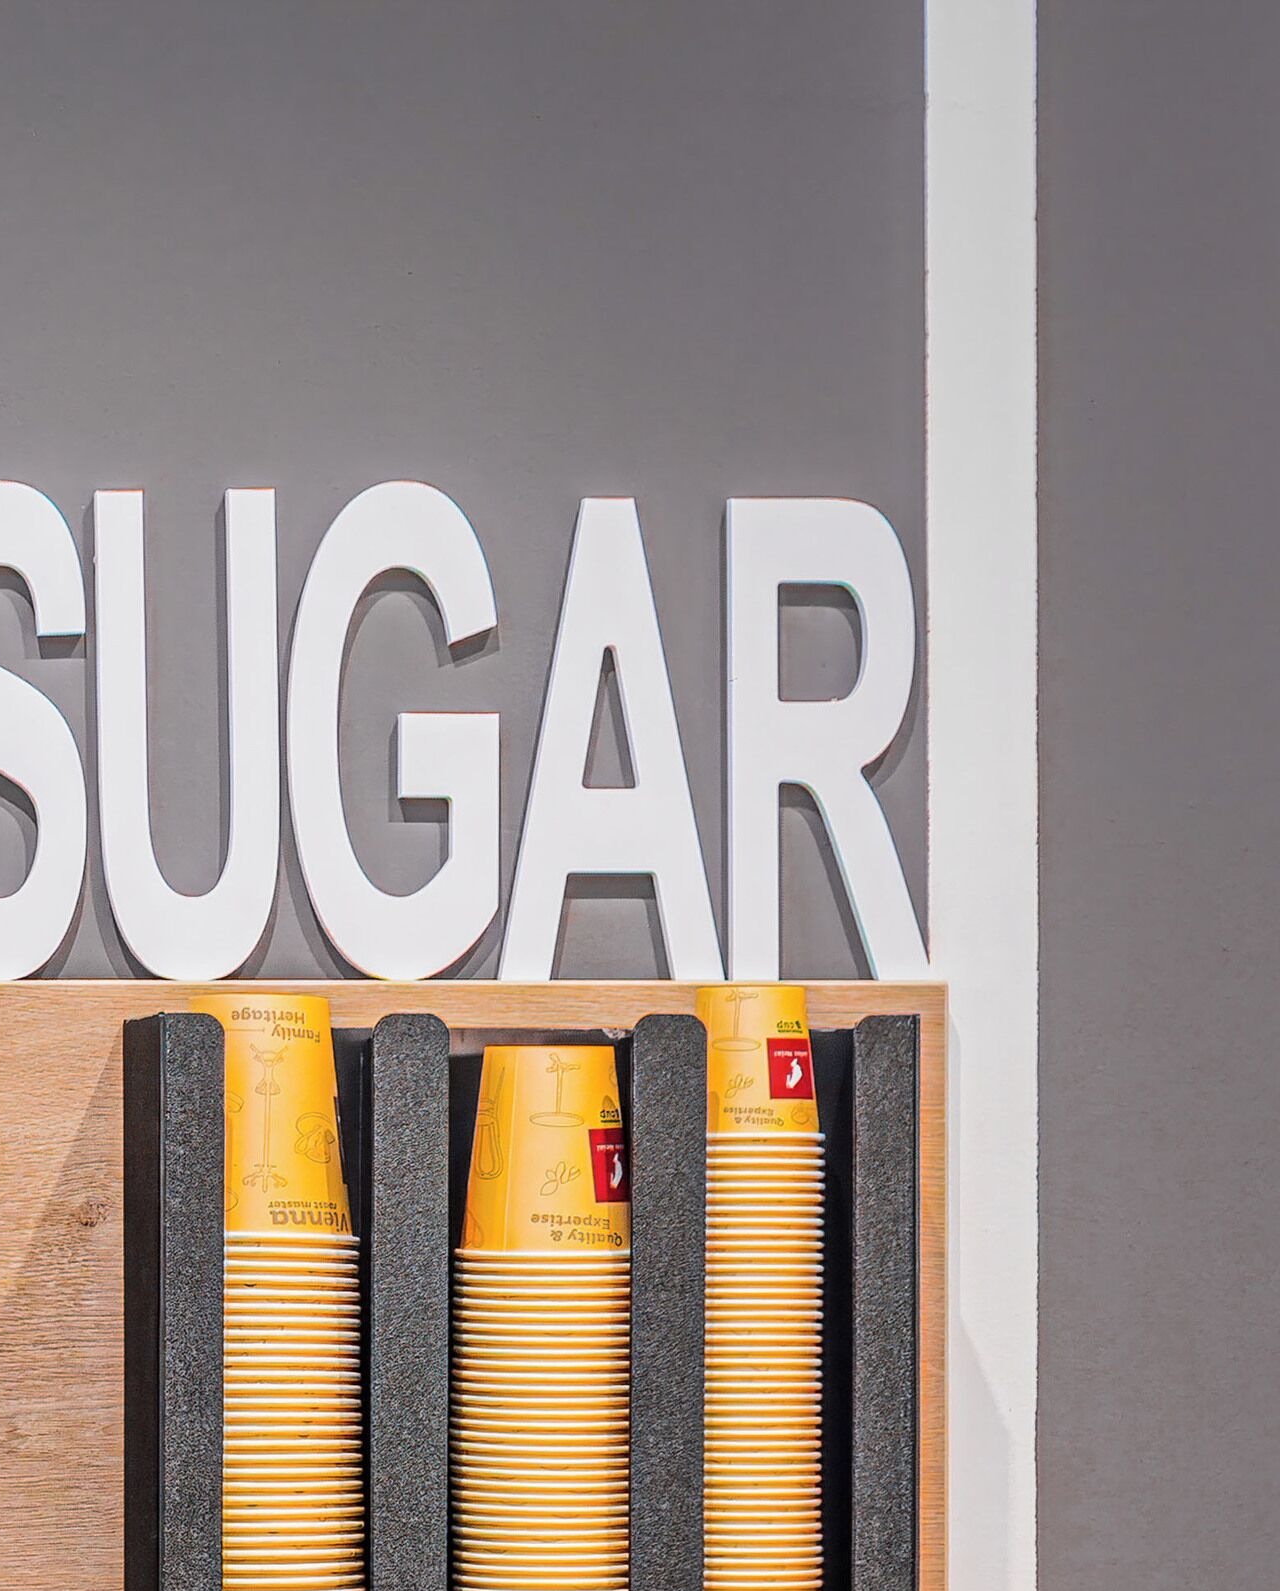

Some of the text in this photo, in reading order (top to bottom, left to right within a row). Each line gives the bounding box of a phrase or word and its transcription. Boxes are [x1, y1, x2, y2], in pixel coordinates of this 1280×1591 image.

[231, 1008, 305, 1025] Heritage
[271, 1027, 320, 1044] Family
[269, 1210, 348, 1232] Vienna
[531, 1213, 610, 1229] Expertise
[550, 1229, 622, 1247] Quality &

■ ■ ■ ■ ■

* [What this task involves]:
Write out all of the data above exactly, pictures excluded.

* [The completed task]:
Some of the text in this photo, in reading order (top to bottom, left to right within a row). Each line gives the bounding box of a phrase or word and its transcription. Boxes are [x1, y1, x2, y2], in pixel coordinates of this 1280×1591 image.

[231, 1008, 305, 1025] Heritage
[271, 1027, 320, 1044] Family
[269, 1210, 348, 1232] Vienna
[531, 1213, 610, 1229] Expertise
[550, 1229, 622, 1247] Quality &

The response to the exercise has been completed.